Minor Thoughts from me to you

Working Hard -- But Not at Home

Many people like to point out how Americans work harder -- and longer -- than the rest of the world. Many leftists like to point out that America's work / life balance is out of whack and that we need to spend more time at home and less time at the office.

Maybe.

But we don't really work all that much more. We just work differently.

Recent studies show that Europeans work much harder than most people think, and some, such as the Germans, work every bit as hard as we Americans do. An analysis of why makes it tough to say that one culture is somehow wiser than the other.

The key to the research is a simple question: What's work? The statistics we usually see focus on jobs that people get paid for, and by that measure Americans do indeed toil much more than Europeans. But that measure overlooks all the cooking, cleaning, lawn mowing, and other home-based labor that most people do. We don't get paid for it, but it's just as real as other work. When we count it as well as paid employment, the whole picture changes.

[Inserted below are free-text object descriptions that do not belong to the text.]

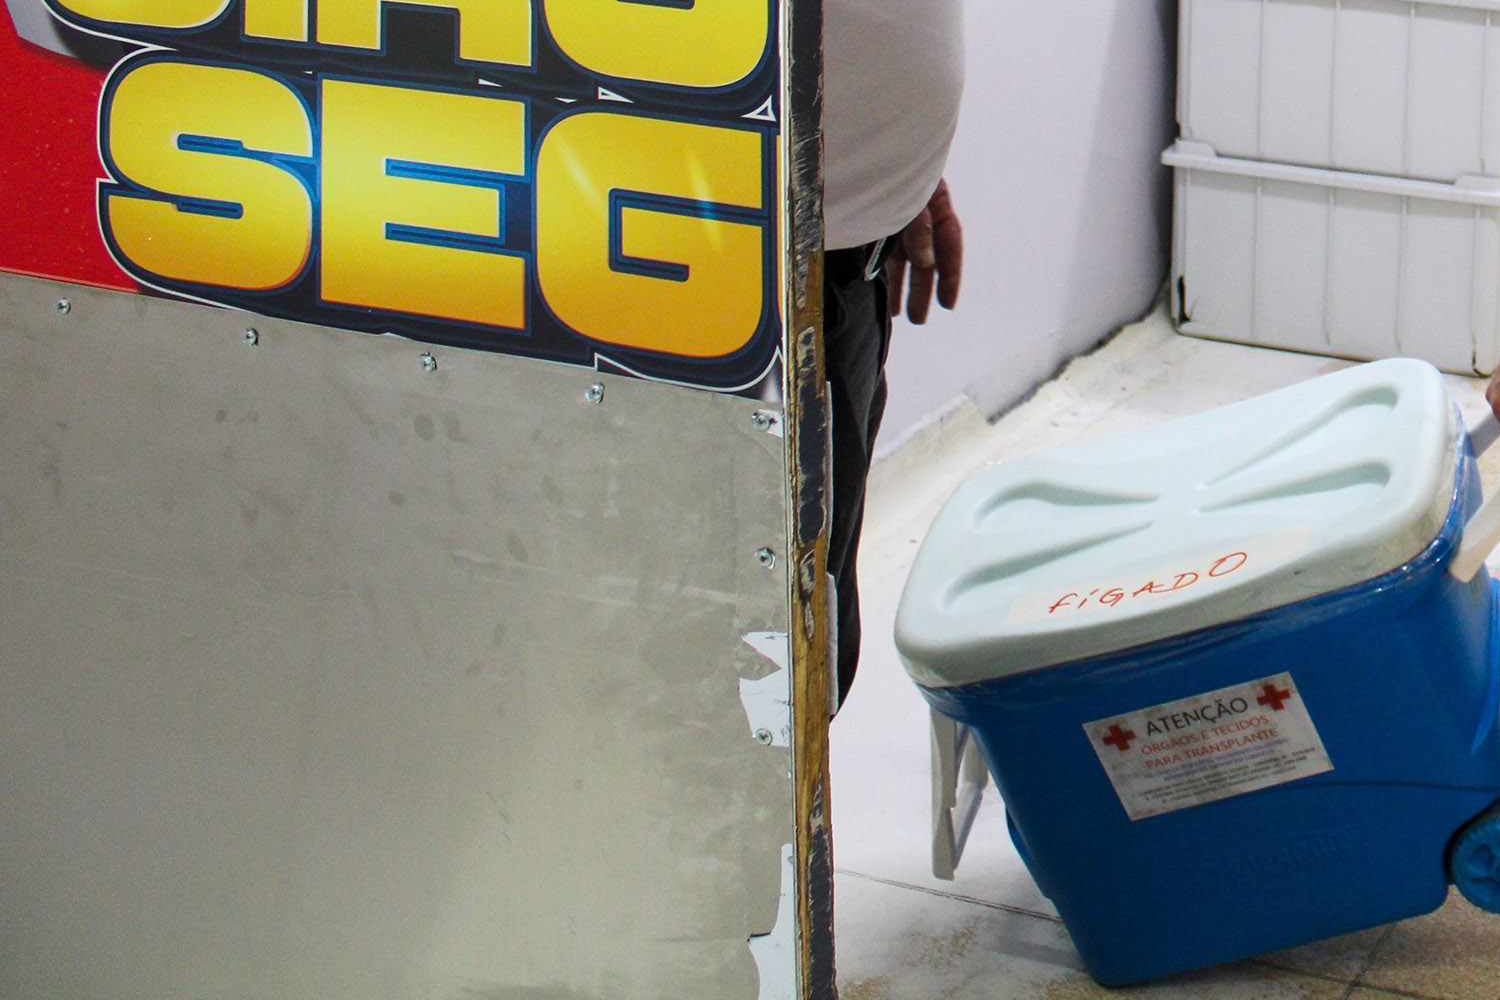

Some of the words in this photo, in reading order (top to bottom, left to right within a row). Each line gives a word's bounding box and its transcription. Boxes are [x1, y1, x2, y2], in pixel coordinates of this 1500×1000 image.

[104, 58, 766, 361] SEG
[1146, 697, 1248, 736] ATENÇÃO
[1201, 727, 1210, 740] E
[1213, 714, 1270, 737] TECIDOS
[1144, 753, 1182, 770] PARA
[1183, 727, 1279, 760] TRANSPLANTE

A thorough study by Richard Freeman of Harvard and Ronald Schettkat of Utrecht University found that Germans and Americans labor almost exactly the same amount. (The researchers note, "While our data deal with Germany and the U.S., our findings reflect the difference between EU and American models of capitalism more broadly.") The difference is that we do more market-based work, and Germans do more home-based work.

Now, I'd much rather do work that I get paid for than work that I don't get paid for. I'll take my leisurely home life over the Europeans leisurely vacations any day. Not to mention: America's model produces more jobs for women and low-skilled workers.

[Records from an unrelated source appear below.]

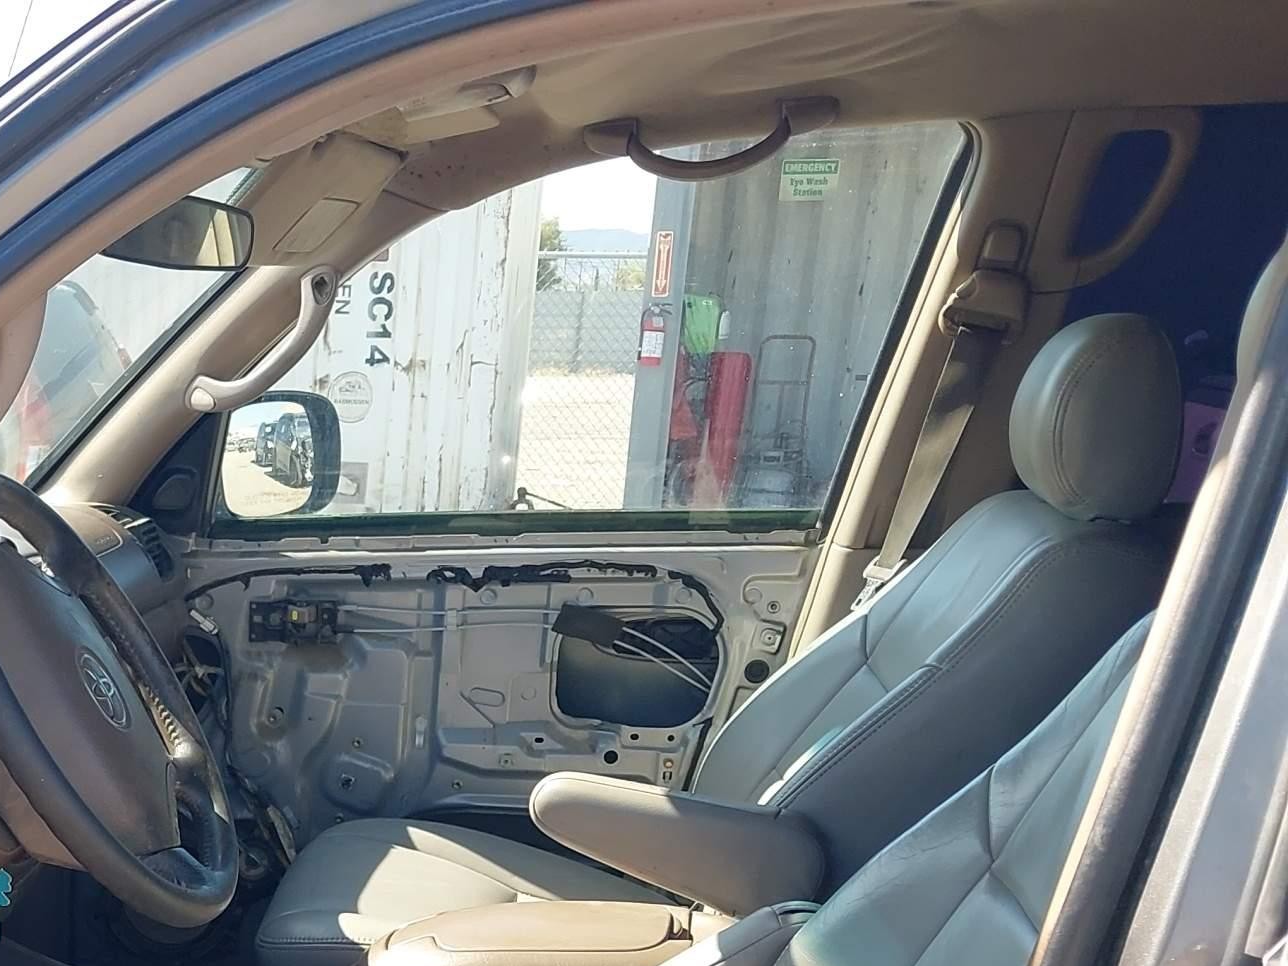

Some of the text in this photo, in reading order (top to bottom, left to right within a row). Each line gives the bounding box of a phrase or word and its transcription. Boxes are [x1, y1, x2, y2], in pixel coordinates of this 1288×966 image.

[785, 163, 838, 173] EMERGENCY
[790, 176, 829, 187] Eye Wash
[792, 188, 823, 197] Station
[365, 271, 396, 367] SC14
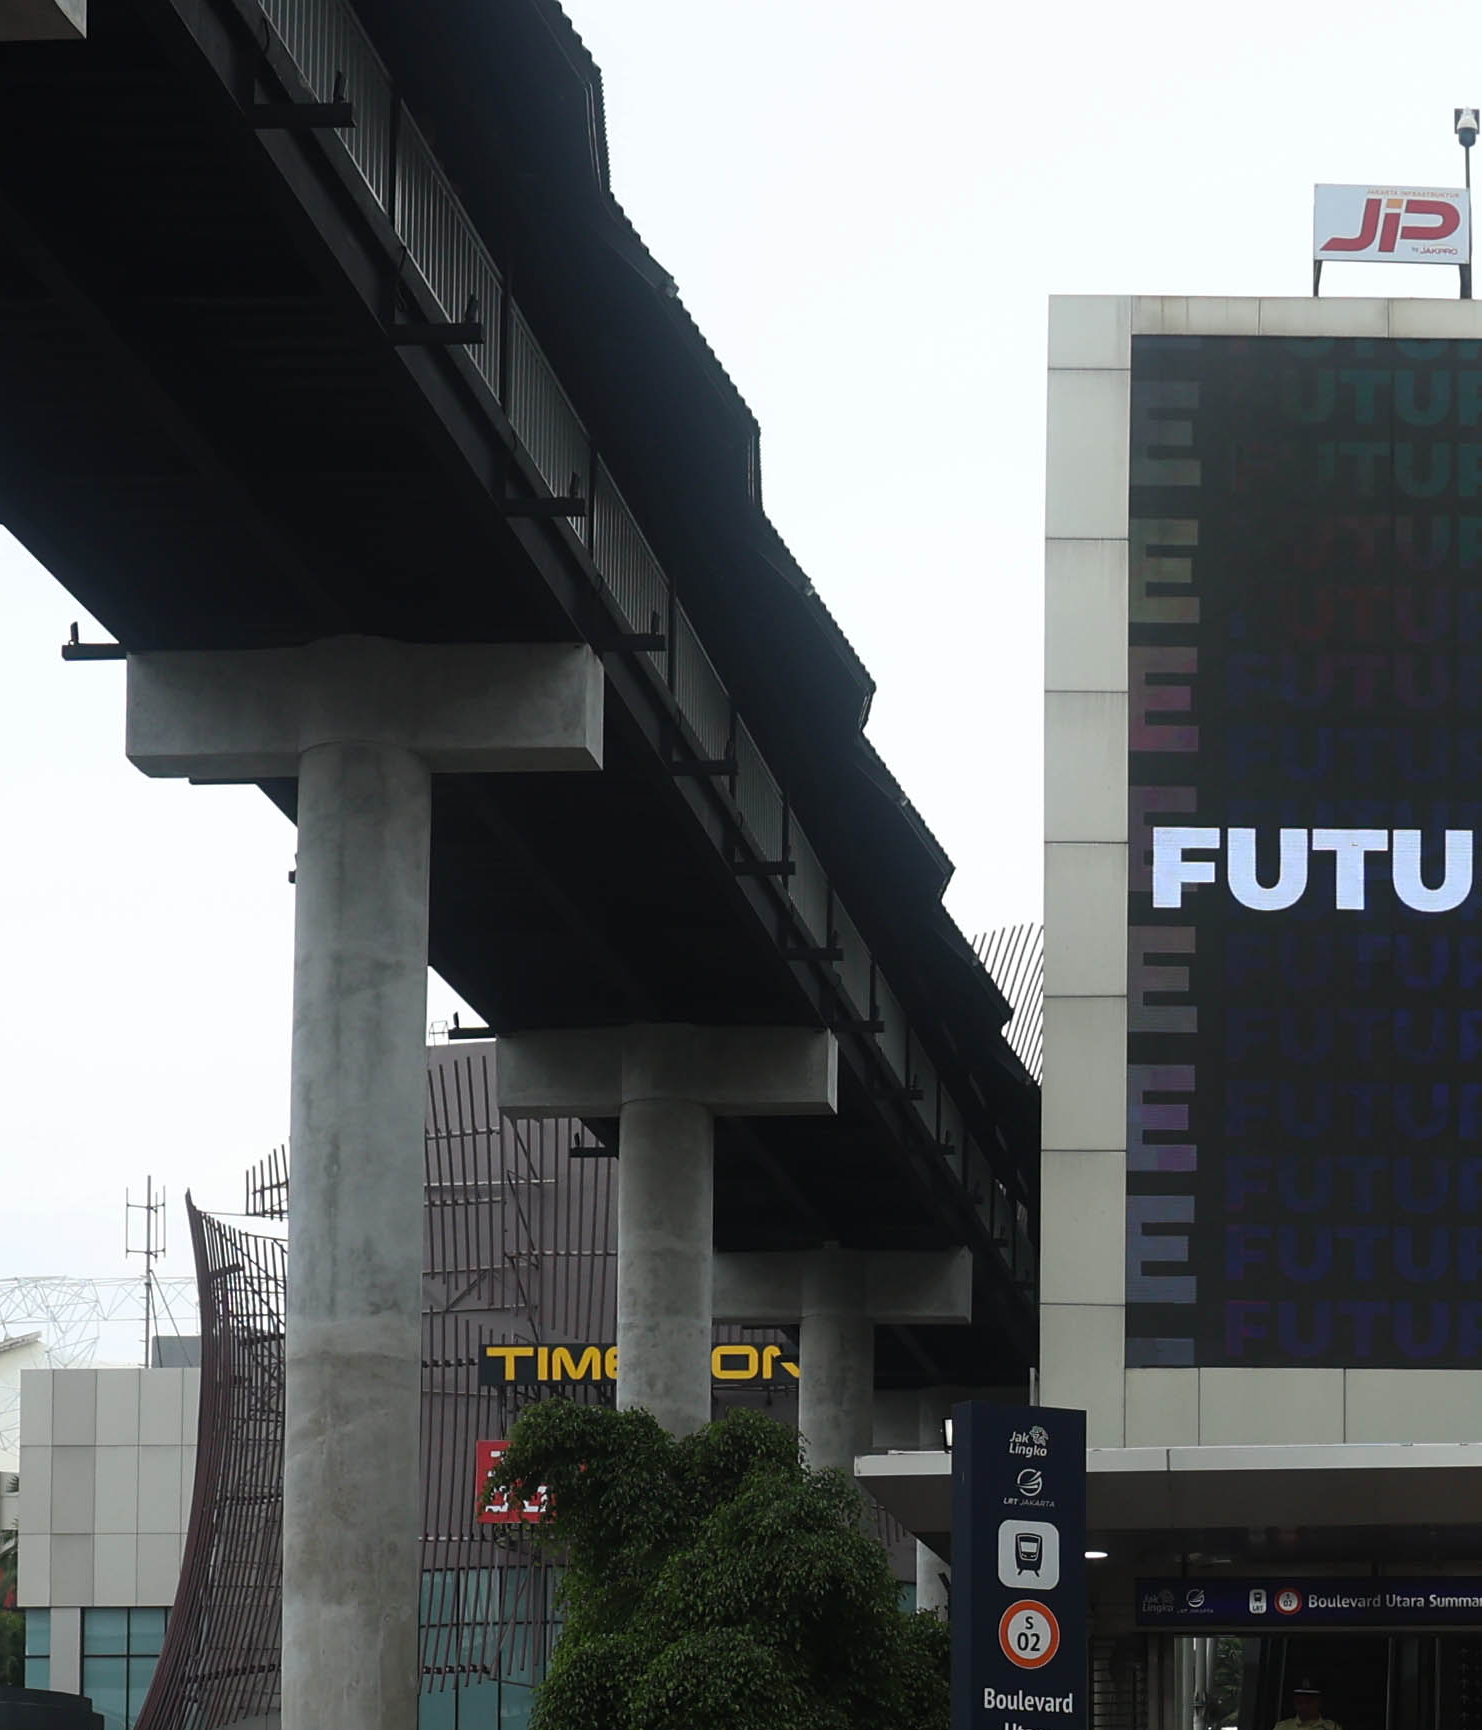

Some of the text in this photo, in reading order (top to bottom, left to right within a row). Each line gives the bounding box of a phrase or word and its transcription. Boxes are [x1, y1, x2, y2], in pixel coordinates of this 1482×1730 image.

[1009, 1431, 1030, 1444] Jak
[1009, 1442, 1048, 1458] Lingko
[1003, 1497, 1055, 1508] LRT JAKARTA
[1308, 1594, 1382, 1608] Boulevard
[1386, 1594, 1424, 1608] Utara
[1024, 1616, 1034, 1630] S
[1017, 1632, 1041, 1652] 02
[984, 1688, 1074, 1714] Boulevard

An important result is that we create far more service jobs than Germany does, and that nation's much smaller service sector is the main reason Germans are less likely to be employed, with an unemployment rate consistently higher than ours for the past 20 years.

New research by Richard Rogerson of Arizona State University finds that "almost all of the difference [between Europe and the U.S.] in hours of [paid] work is accounted for by differences in the service sector." Some people denigrate burger flipping and the like as dead-end jobs, but for young people whose skills aren't yet highly developed, they're gateway jobs that are the best economic use of their time.

Now carry the analysis a step further. The difference between Germans and Americans in work profiles is much greater for women than men. American women are far more likely to hold paid jobs than German women, and those who do are far more likely to earn higher pay.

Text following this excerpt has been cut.